Conference postponed due to COVID-19

Dear All,


This message is to inform you that, due to the COVID-19 pandemic, unfortunately we have had to make the decision to postpone the “First International Conference on Research and Innovation in Support of Oman’s Economic and Digital Transformation - Achieving Vision 2040” until further notice.

We sincerely apologize for any inconvenience this may cause, and look forward to your participation in our next event.

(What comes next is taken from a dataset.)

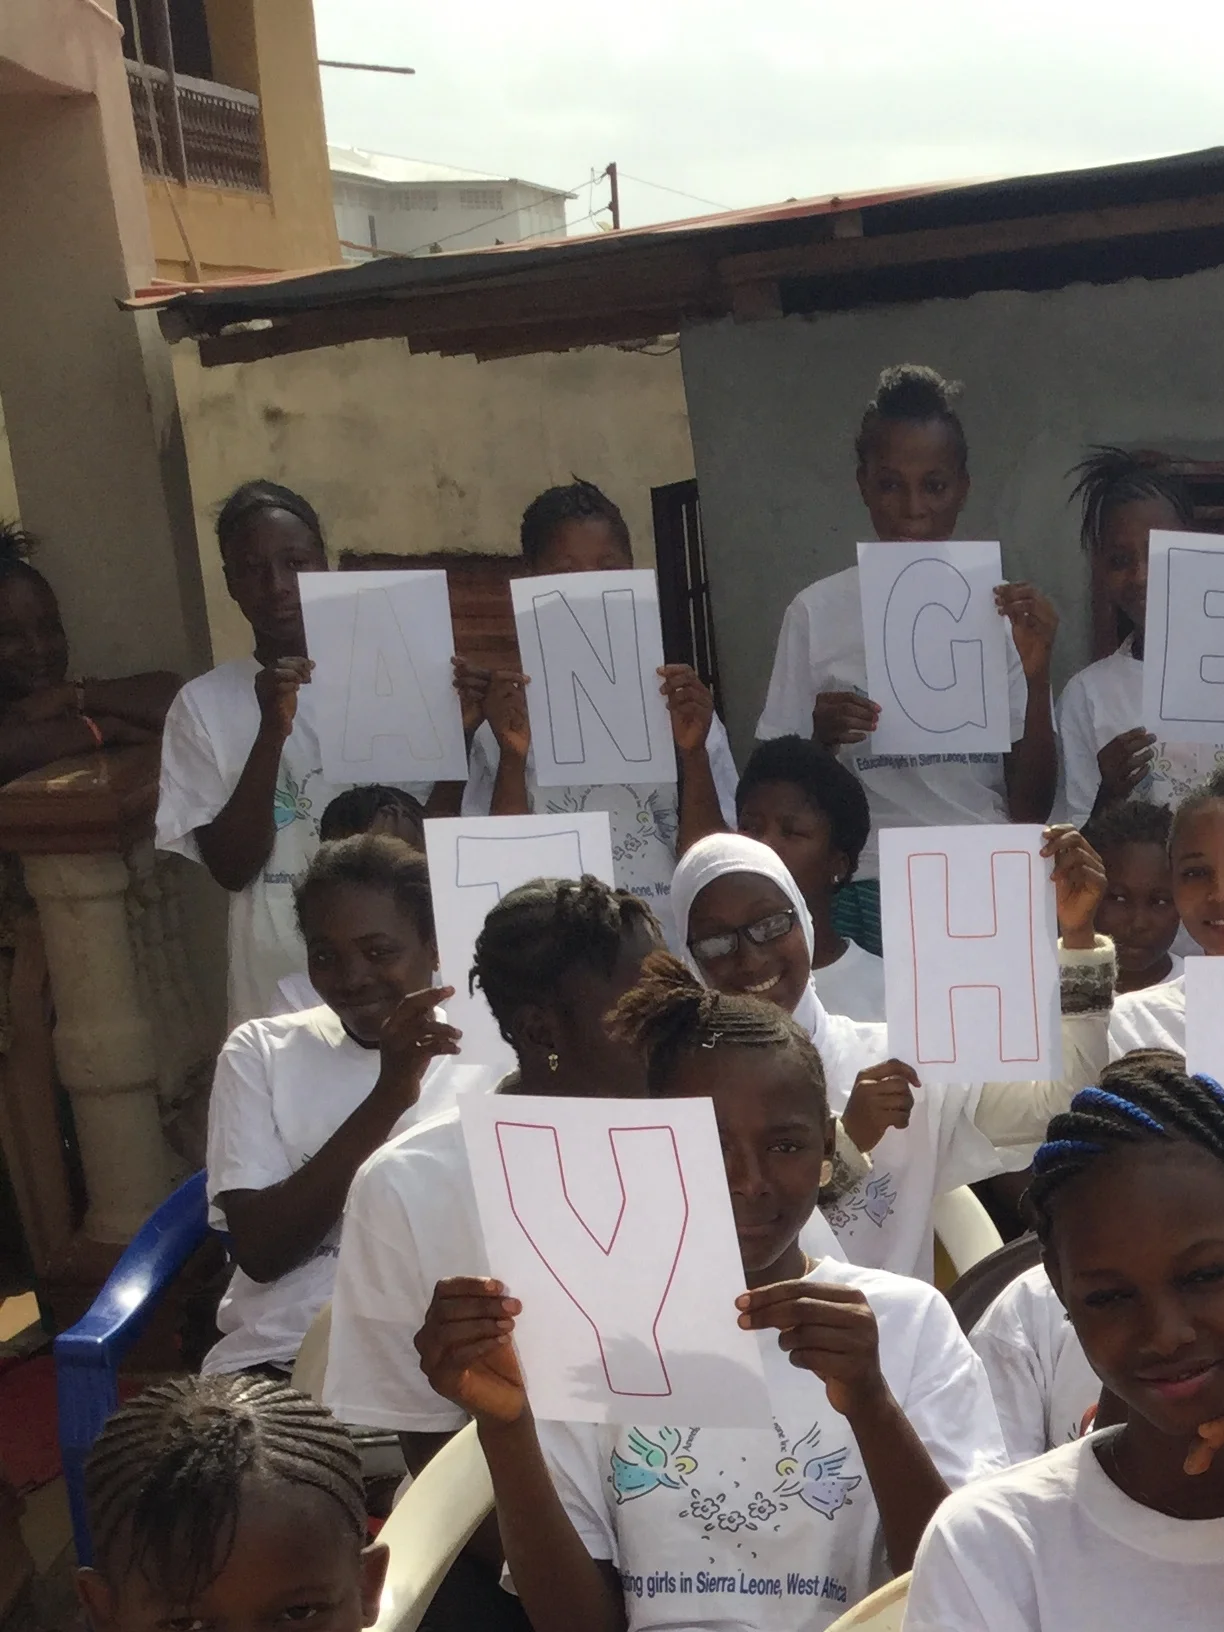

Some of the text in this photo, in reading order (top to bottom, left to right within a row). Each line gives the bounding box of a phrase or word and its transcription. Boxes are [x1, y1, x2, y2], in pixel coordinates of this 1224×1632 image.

We hope that you and your families will be safe and well by the grace of God.


Important Information


  • Visa

Sultan Qaboos University will assist in issuing visas to all "Conference Speakers" coming from abroad to participate in the conference. Citizens from GCC countries do not need to apply for visas. To check eligibility and for more information, please visit the official website of Royal Oman Police.

  • Currency

Omani Rial is the currency of Oman. The currency code for the rial is OMR. It has a fixed exchange rate of $2.59 per 1 OMR. Foreign currency can be exchanged at banks or at currency exchange counters (The opening hours are generally 8.30am to 4.30pm). Please visit the Currency Converter page.

  • Time Zone

Oman observes Gulf Standard Time all year. There are no Daylight Saving Time clock changes

  • Language

Arabic is the official language of Oman. Street names and generally most of the road and transport signs are in Arabic and English. All restaurants have menus in both Arabic and English. But if there is something you don’t understand, don’t be afraid to ask as Omani people are kind and will be happy to help you.

  • Transport

Oman has one of the most diverse environments in the Middle East with various tourist attractions and is particularly well known for cultural tourism. The capital of Oman, Muscat was named the second best city to visit in the world in 2012 by the travel guide publisher Lonely Planet. Muscat also was chosen as the Capital of Arab Tourism of 2012. Other than Muscat, Nizwa, Al-Hamra, Sur, Sohar, and Salalah are the major Omani cities. Please visit the official Oman Transport Site.

  • Tourism

Oman’s strategic location has played a major role in many campaigns and regional conflicts in this region. Oman overlooks the Arabian Sea, the Sea of Oman and the Arabian Gulf. It also controls the Strait of Hormuz, which is one of the most important facilities in the region, linking the Sea of Oman with the Arabian Gulf. The Strait of Hormuz is a gateway to all ships coming from the Indian Ocean and the Arabian Sea. Please visit the official website of the Ministry of Tourism, Oman.

  • Climate

Oman generally has a hot climate like other Middle Eastern nations and receives little rainfall. Annual rainfall in Muscat averages 100 mm (3.9 in), falling mostly in January. The Dhofar region has a tropical-like climate and receives seasonal rainfall (from late June to late September) as a result of the monsoon winds from the Indian Ocean, saturated with cool moisture and heavy fog. The mountain is as receive considerably larger rainfall with annual rainfall on the higher parts of the Al Hajar mountain range exceeding 400 mm (15.7 in) on some occasions. Low temperatures in the mountainous areas result in snow cover once every few years. Please visit the weather website.

  • People

Omani people are warm and welcoming. It’s not unusual to be invited into a local’s home after a day touring the mountains or walking through the local souk. It’s considered polite to take a small gift for your host. When entering an Omani home, you’ll likely be greeted with the scents of frankincense and cardamom, and treated to Omani coffee, dates, and halwa – a local dessert made with saffron, dates, and rosewater. Coffee is served in small cups, which are refilled until the guest gives them a gentle shake to signal they’ve had enough.